While grocery shopping might not be the most fun activity for any mom, and especially if she has a young one in tow, some of the moms in this article know how to spice up their weekly grocery store visits. While some of the inappropriate selfies are hilarious, some of them are downright disgusting and makes you wonder where our morals lie. We all make mistakes once in a while. However, we need to remember that the Internet never forgets. Here are 15 most inappropriate mom selfies taken in grocery stores.
Well, this mom decided to take a bathroom break, and in the middle of it, she thought it would be a great idea to take a selfie for her boyfriend. Little did she know, there was someone right behind her with the stall door wide open. Well, if she was a single mom trying to get a date, this must have gone horribly wrong. But in case she was trying to get a picture of the lady getting up from the toilet, then it is a total fail since her own face is still in the picture. Either way, it seems children nowadays are getting exposed to some freaky things!

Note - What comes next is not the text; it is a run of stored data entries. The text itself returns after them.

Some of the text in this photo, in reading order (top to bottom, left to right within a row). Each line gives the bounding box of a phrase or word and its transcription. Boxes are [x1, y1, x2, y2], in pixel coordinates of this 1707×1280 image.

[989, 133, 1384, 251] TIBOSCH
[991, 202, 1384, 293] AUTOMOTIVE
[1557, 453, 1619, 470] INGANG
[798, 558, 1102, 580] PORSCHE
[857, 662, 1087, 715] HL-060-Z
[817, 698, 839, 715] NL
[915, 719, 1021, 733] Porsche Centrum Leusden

We can never really control when a baby is hungry, and especially when they are too young to understand logic and reason. And it’s sometimes very annoying when people get offended when a mother breastfeeds in public (she clearly can’t help it when the baby is hungry). But what’s more annoying is a mother who decides to take a selfie of her baby suckling in public. Well, this woman was not going to take a break from vlogging when her baby wanted to feed, so she decided to continue with her vlog while breastfeeding. At the end of the day, she got massive views, but a lot of her followers felt it was inappropriate to take a selfie while breastfeeding.

As much as it’s annoying to everyone who gets a glimpse of these inappropriate selfies, it certainly isn’t as annoying for us as it is upsetting for the kid featured in this one. In this particular picture, the mom took a bathroom break to take a selfie and her son is clearly against it. While she tries to strike a pose with the peace sign, her son is in the background screaming in protest. She clearly can’t take a hint. If it’s bad for her son, her husband/boyfriend is likely not going to approve it. Plus the kid in the background is a total fail if she is planning on getting a date.

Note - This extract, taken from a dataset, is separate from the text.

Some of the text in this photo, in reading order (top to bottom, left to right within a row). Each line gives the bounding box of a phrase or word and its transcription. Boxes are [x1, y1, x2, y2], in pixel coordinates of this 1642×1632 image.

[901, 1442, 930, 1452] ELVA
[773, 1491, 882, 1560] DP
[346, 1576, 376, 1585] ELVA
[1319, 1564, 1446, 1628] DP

Social media has clearly taken over our lives, and if you are an Instamom, its obvious 90% of your pictures will have your baby in them. However, we understand that you need to take the best pictures for your fans, but still, you need to watch out for the safety of your child too. In this picture, the mom seems to have completely forgotten about her kid who is at the edge of the grocery store bathroom sink while she is busy taking sweet selfies. We just hope nothing bad happened to the kid, and that her fans put some sense into her head once the picture was posted.

Well, my favorite place to take a selfie in a grocery store would be in the tech section, next to the cool new gadgets. I am pretty sure everyone has their opinion when it comes to cool spots to take pictures. However, it seems like more and more moms in this list choose to have inappropriate pictures in the grocery store bathroom (must be really awesome in there too). In this picture, the mom has her blouse off in plain sight of her kid and takes a selfie of herself. Very good parenting here folks. We really hope you are the sitter and not her mom!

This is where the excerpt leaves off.